Which lines run from the line containing "this 1800×1200 image." through the end of the records below? Reproduce them exactly, and nothing else.

Text-to-region grounding data
=== Section Start ===

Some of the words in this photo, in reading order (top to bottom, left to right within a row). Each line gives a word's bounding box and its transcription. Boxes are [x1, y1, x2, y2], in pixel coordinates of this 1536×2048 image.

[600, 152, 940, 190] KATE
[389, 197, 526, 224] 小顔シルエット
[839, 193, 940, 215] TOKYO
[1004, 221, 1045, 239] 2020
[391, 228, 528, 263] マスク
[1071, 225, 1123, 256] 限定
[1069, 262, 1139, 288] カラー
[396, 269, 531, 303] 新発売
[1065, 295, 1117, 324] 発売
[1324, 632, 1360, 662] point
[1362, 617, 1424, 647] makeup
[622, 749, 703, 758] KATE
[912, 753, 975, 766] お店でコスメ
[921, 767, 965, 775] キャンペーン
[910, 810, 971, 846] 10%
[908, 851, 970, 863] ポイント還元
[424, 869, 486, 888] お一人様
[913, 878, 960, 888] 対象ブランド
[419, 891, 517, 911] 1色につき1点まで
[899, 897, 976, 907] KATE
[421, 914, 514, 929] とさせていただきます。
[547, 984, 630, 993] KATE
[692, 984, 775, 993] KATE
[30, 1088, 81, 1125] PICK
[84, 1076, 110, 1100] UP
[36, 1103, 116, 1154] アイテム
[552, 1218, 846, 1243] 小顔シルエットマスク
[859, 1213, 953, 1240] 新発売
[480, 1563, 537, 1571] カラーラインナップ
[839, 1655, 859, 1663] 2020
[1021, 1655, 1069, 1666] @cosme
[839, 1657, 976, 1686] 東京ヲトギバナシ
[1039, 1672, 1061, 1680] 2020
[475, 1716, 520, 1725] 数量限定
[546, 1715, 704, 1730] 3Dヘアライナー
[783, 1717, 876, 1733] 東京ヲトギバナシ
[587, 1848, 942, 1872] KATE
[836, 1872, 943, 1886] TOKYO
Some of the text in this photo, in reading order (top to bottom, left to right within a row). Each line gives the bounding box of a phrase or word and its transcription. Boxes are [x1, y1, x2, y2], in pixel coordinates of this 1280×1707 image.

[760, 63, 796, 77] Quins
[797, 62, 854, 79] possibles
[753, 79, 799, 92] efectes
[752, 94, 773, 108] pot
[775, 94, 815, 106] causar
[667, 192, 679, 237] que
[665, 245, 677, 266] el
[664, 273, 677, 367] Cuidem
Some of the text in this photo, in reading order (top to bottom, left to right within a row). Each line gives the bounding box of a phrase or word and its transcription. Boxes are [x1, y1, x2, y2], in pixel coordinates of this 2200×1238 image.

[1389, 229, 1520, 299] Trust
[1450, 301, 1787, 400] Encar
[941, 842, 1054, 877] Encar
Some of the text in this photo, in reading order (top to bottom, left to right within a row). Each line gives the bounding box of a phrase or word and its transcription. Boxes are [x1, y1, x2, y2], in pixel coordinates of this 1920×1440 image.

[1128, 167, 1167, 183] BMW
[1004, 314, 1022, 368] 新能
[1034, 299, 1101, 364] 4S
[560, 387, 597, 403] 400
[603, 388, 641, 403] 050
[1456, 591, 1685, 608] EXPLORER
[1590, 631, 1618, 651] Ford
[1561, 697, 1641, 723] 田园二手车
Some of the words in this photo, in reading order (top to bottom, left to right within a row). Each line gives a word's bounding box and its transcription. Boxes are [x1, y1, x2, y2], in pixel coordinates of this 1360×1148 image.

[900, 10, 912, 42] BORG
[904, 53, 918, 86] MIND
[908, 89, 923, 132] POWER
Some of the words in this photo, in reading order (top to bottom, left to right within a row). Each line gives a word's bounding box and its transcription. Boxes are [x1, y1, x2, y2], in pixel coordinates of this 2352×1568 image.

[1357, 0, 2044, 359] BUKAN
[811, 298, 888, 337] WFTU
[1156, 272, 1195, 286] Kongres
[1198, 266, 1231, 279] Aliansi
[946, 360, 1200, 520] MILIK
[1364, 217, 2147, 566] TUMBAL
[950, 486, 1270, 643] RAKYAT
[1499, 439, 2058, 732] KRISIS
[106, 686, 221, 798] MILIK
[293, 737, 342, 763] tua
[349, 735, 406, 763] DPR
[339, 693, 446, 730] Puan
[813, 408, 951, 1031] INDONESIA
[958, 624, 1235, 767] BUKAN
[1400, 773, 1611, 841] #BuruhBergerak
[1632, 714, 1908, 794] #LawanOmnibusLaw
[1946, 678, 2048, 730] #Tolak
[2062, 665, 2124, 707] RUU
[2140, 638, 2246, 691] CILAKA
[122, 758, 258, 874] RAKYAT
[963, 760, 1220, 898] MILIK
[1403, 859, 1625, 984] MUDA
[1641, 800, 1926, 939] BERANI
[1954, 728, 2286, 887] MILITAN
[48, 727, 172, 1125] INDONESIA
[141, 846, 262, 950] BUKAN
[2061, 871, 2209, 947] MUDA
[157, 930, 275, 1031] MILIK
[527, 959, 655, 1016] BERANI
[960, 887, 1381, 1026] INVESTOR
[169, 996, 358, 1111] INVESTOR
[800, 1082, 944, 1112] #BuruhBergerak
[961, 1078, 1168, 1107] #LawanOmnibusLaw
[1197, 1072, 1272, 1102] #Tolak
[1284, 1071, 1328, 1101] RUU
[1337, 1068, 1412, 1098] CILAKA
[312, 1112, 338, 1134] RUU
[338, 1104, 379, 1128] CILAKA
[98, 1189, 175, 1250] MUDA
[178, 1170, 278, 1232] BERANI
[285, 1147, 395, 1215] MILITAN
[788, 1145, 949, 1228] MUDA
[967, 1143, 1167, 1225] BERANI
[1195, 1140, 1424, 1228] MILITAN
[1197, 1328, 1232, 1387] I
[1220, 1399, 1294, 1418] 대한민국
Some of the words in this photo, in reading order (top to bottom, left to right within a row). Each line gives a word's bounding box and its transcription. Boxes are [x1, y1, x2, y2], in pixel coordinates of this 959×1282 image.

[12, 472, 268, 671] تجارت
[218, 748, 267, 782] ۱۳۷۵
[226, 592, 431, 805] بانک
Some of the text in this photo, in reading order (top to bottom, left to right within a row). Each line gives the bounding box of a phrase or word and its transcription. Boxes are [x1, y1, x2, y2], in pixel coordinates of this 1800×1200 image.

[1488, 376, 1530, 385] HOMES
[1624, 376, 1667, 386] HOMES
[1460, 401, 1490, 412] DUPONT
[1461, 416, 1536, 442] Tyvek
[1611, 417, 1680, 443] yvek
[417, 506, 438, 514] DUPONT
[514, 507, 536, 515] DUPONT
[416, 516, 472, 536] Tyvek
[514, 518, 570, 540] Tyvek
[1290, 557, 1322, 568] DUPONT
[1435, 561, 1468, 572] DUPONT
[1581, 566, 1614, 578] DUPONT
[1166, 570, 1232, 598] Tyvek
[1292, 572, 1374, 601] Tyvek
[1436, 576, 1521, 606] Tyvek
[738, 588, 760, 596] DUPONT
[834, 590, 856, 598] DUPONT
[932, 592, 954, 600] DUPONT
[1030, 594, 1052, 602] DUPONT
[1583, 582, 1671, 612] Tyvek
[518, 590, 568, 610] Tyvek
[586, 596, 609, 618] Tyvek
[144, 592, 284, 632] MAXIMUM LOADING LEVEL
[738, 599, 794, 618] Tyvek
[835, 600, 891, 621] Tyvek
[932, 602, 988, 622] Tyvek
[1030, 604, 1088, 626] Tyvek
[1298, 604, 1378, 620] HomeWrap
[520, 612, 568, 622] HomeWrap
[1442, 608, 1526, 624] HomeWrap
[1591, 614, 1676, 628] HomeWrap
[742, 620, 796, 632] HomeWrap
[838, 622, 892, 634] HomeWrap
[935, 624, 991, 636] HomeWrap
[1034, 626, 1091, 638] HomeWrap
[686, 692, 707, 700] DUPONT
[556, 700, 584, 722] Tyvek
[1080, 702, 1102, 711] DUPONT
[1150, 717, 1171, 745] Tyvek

=== Section End ===

Solution for this problem >>
Some of the text in this photo, in reading order (top to bottom, left to right within a row). Each line gives the bounding box of a phrase or word and its transcription. Boxes are [x1, y1, x2, y2], in pixel coordinates of this 1800×1200 image.

[1488, 376, 1530, 385] HOMES
[1624, 376, 1667, 386] HOMES
[1460, 401, 1490, 412] DUPONT
[1461, 416, 1536, 442] Tyvek
[1611, 417, 1680, 443] yvek
[417, 506, 438, 514] DUPONT
[514, 507, 536, 515] DUPONT
[416, 516, 472, 536] Tyvek
[514, 518, 570, 540] Tyvek
[1290, 557, 1322, 568] DUPONT
[1435, 561, 1468, 572] DUPONT
[1581, 566, 1614, 578] DUPONT
[1166, 570, 1232, 598] Tyvek
[1292, 572, 1374, 601] Tyvek
[1436, 576, 1521, 606] Tyvek
[738, 588, 760, 596] DUPONT
[834, 590, 856, 598] DUPONT
[932, 592, 954, 600] DUPONT
[1030, 594, 1052, 602] DUPONT
[1583, 582, 1671, 612] Tyvek
[518, 590, 568, 610] Tyvek
[586, 596, 609, 618] Tyvek
[144, 592, 284, 632] MAXIMUM LOADING LEVEL
[738, 599, 794, 618] Tyvek
[835, 600, 891, 621] Tyvek
[932, 602, 988, 622] Tyvek
[1030, 604, 1088, 626] Tyvek
[1298, 604, 1378, 620] HomeWrap
[520, 612, 568, 622] HomeWrap
[1442, 608, 1526, 624] HomeWrap
[1591, 614, 1676, 628] HomeWrap
[742, 620, 796, 632] HomeWrap
[838, 622, 892, 634] HomeWrap
[935, 624, 991, 636] HomeWrap
[1034, 626, 1091, 638] HomeWrap
[686, 692, 707, 700] DUPONT
[556, 700, 584, 722] Tyvek
[1080, 702, 1102, 711] DUPONT
[1150, 717, 1171, 745] Tyvek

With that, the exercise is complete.